→ Action item:
Write out all records as given; omit images.

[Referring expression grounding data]
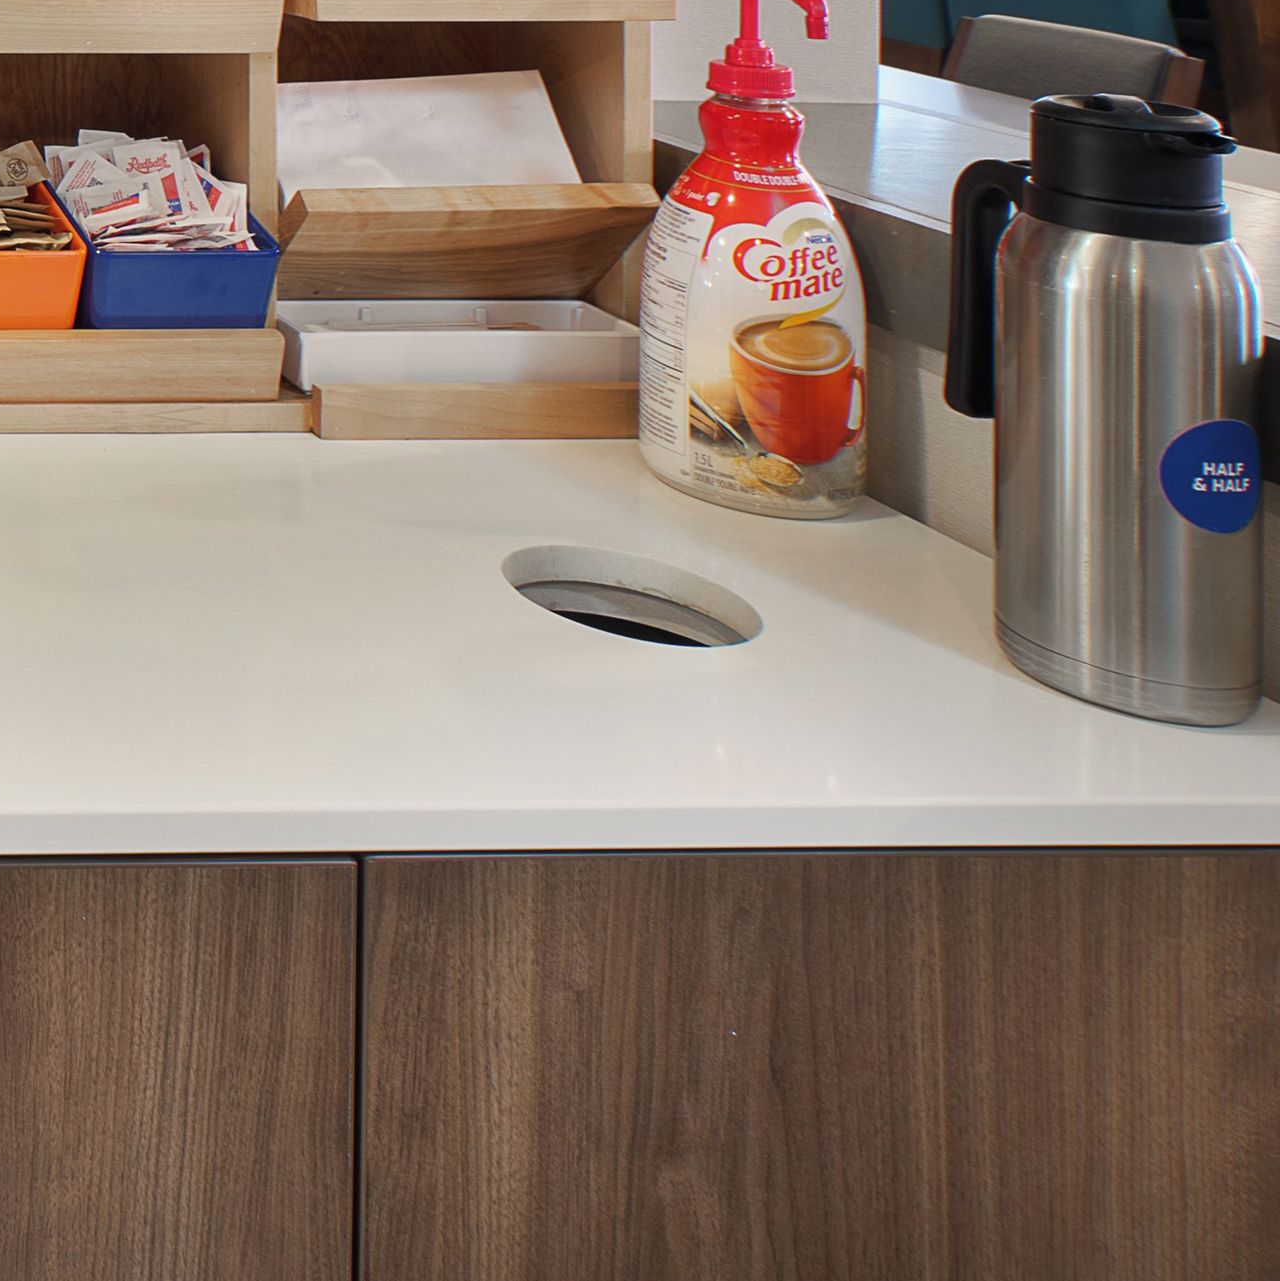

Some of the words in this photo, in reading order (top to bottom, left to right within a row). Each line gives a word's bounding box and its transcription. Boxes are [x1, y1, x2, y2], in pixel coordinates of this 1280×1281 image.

[732, 238, 838, 283] Coffee
[769, 267, 843, 301] mate
[1202, 462, 1244, 476] HALF
[1192, 477, 1207, 492] &
[1212, 478, 1250, 492] HALF
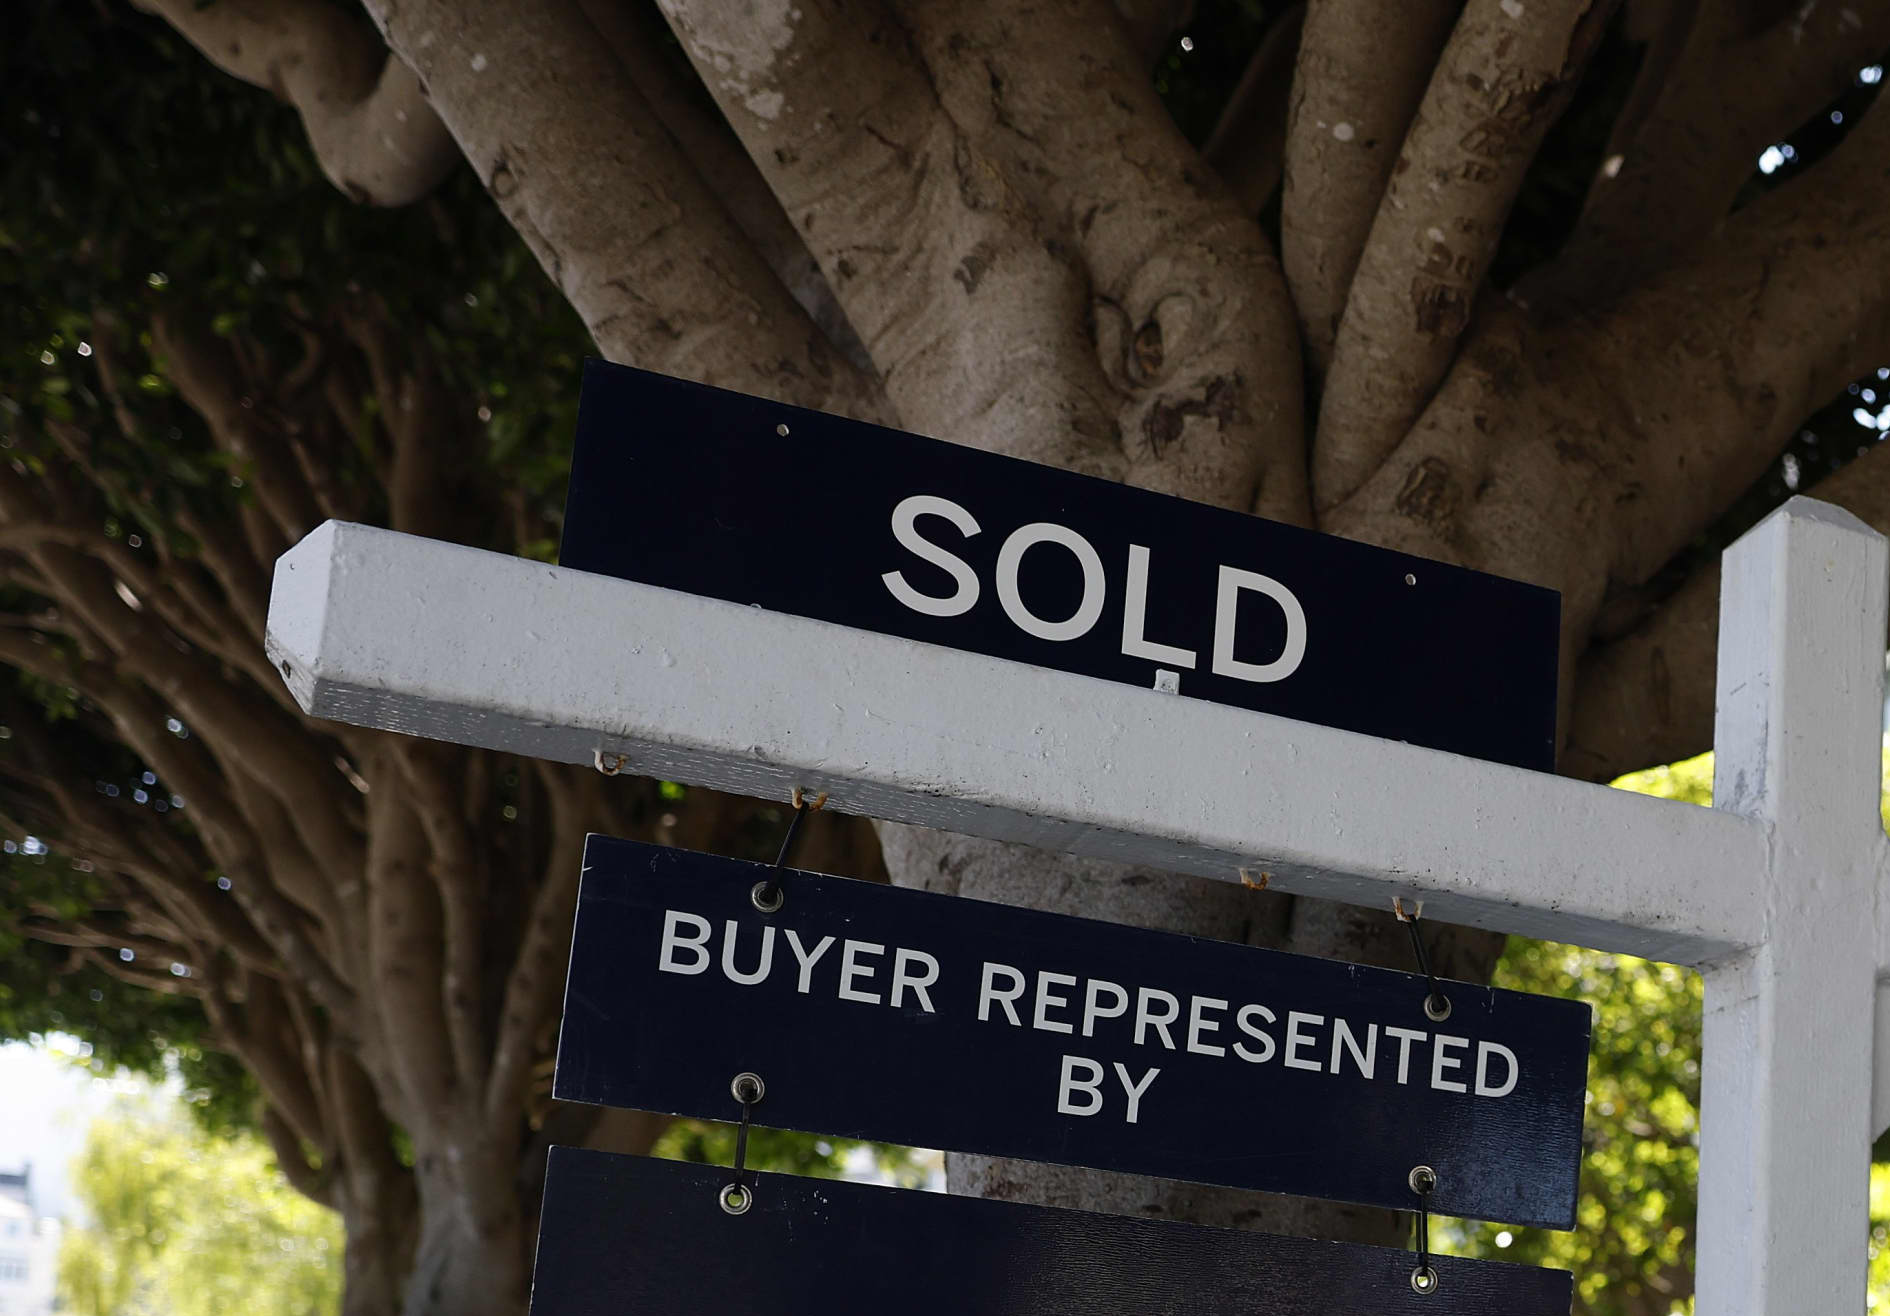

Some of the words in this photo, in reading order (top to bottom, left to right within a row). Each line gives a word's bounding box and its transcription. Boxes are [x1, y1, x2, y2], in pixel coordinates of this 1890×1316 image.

→ Completed exercise:
Some of the words in this photo, in reading order (top to bottom, left to right within a row). Each line gives a word's bounding box and its transcription. Boxes are [x1, y1, x2, y2], in pixel coordinates of this 1280×1281 image.

[732, 238, 838, 283] Coffee
[769, 267, 843, 301] mate
[1202, 462, 1244, 476] HALF
[1192, 477, 1207, 492] &
[1212, 478, 1250, 492] HALF

Some of the words in this photo, in reading order (top to bottom, left to right within a row). Each line gives a word's bounding box and its transcription. Boxes are [x1, y1, x2, y2], in pixel coordinates of this 1890×1316 image.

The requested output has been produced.